Monday, June 17, 2002

Mobile Messaging Fuels China's Top Three Web Portals
China's top three Web portals - Sina.com, Sohu.com and NetEase.com - have reported higher revenues and narrower losses due to mobile messaging. Industry experts estimate the number of cell-phone users in China is three times larger than that of Internet users. China's wireless growth rate is the largest in the world. With Short Messaging Services, the portals have a market potential of 160 mobile phone users. Whereas most of the portals' revenues now come from online advertising, officials are expecting that to change to a one-third split among wireless services, advertising and corporate services. However, mobile giants, including China Telecom and China Mobile, are expected to guard mobile messaging from providing sufficient revenues to portals

Well, that's not a big shock. Here's a China Telecom fixed line SMS phone. Popularity of SMS in China is so high, and computers/internet use low, that these messaging machines are catching on.
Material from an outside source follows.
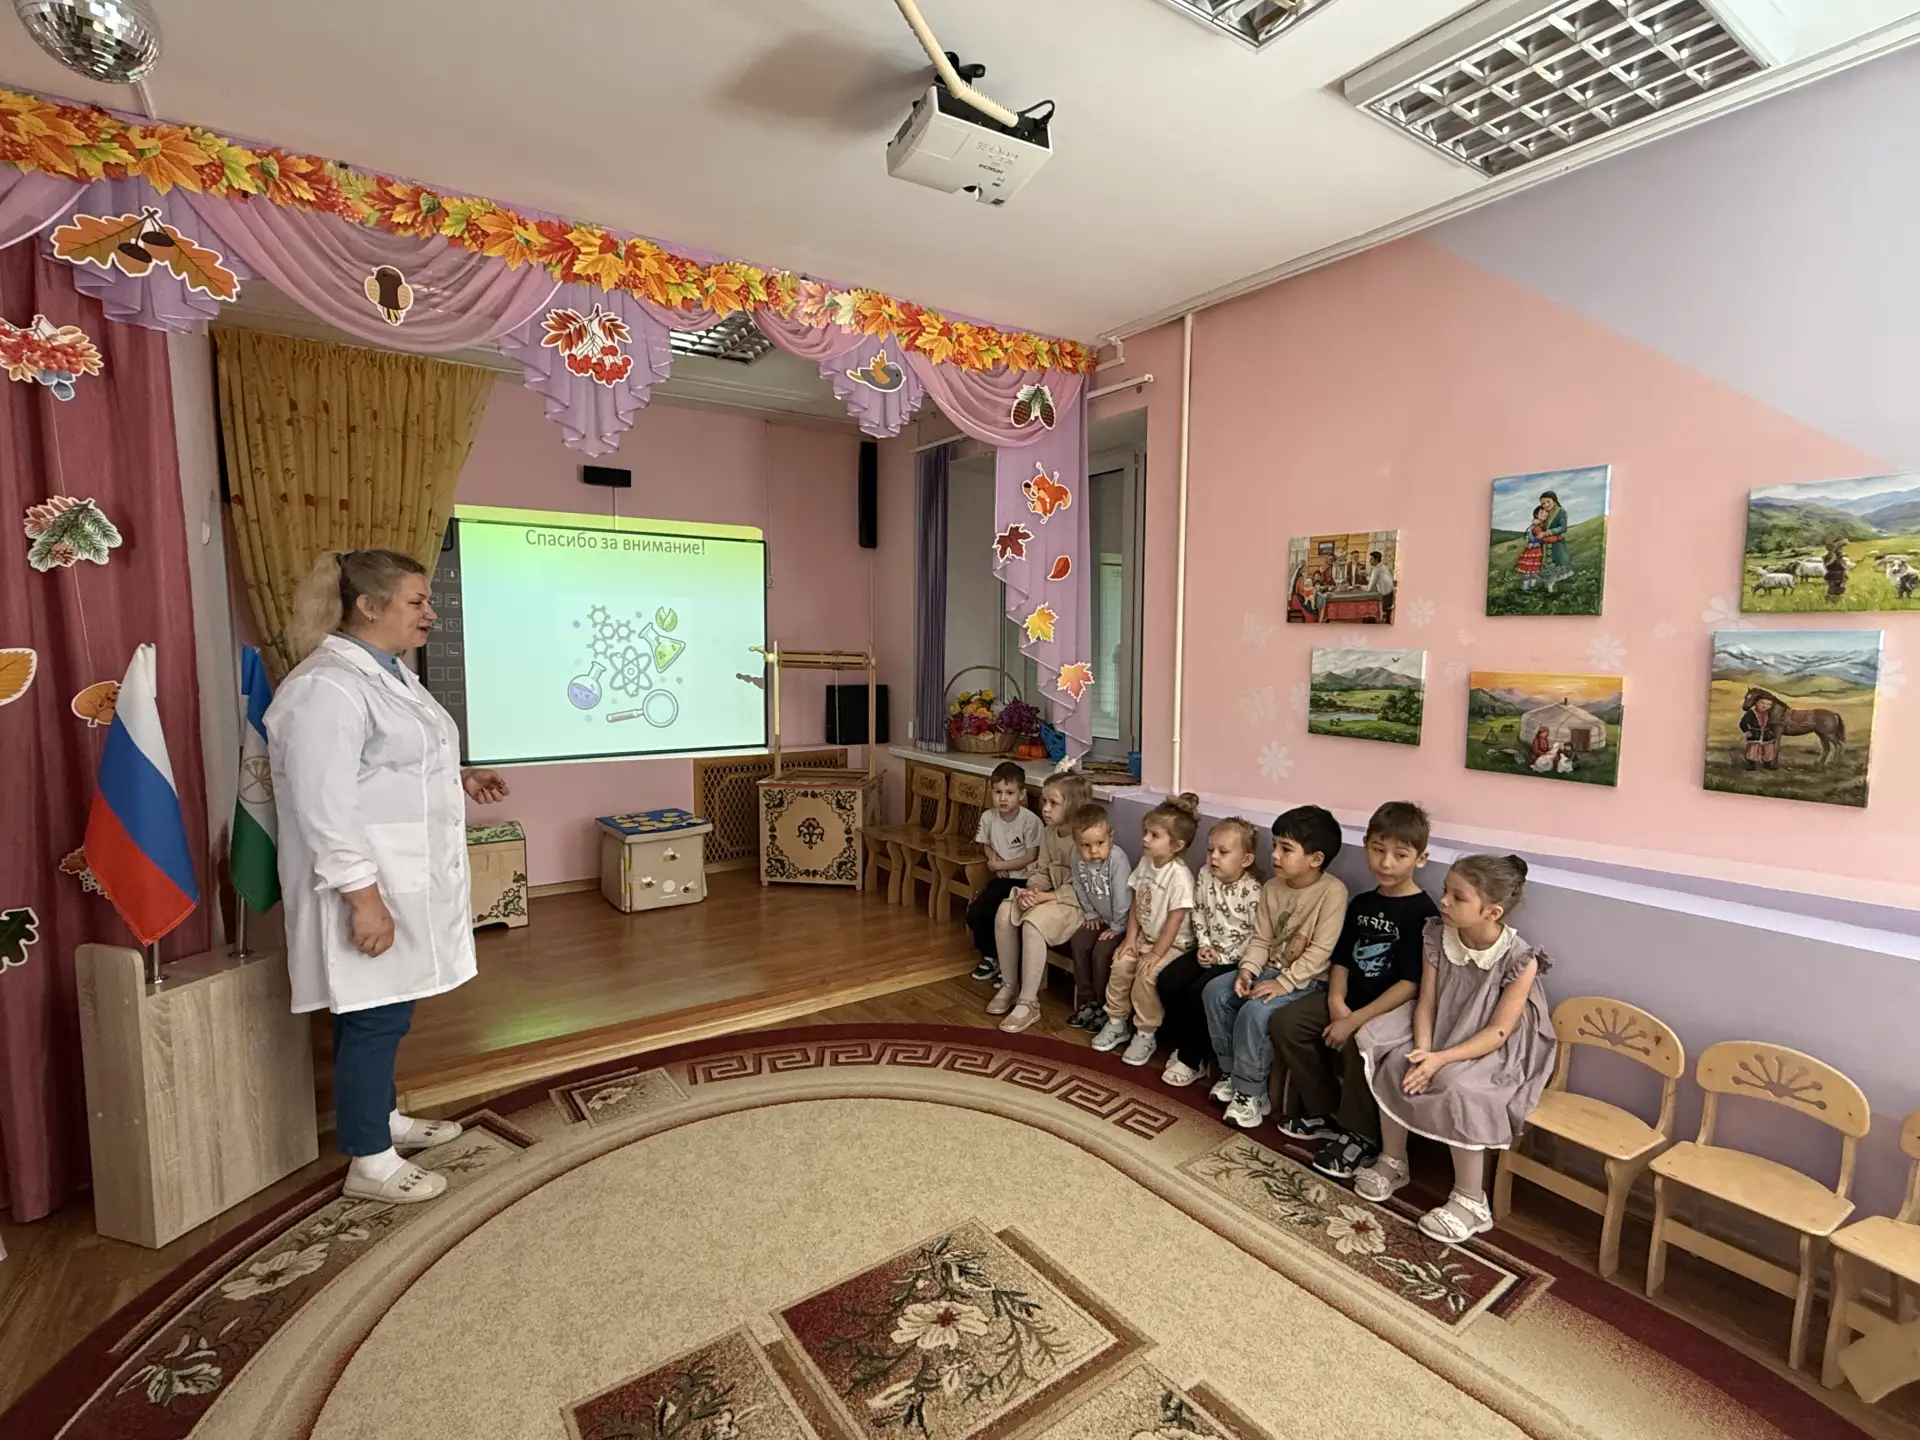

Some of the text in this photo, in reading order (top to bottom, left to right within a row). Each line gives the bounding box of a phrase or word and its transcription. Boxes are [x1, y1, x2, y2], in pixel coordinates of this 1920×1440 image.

[525, 529, 706, 556] Спасибо за внимание!
Realize now, that it's even more of a pain-in-the-ass to construct and send an SMS message in chinese than in english. My friend in Japan showed me the mulitple steps you need to go through to get a single katagana character on your Japanese i-mode display. Same in chinese, except, they are using something more like kanji characters (of which there are somthing like 200,000)! And still it prospers. I remember years ago somebody explaining to me that in Asia the fax machine would always be perferable to email due to the whole ASCII aspect of computers. Not any more. They figured that out, which, if you ever watched somebody type on a chinese/english keyboard you can see.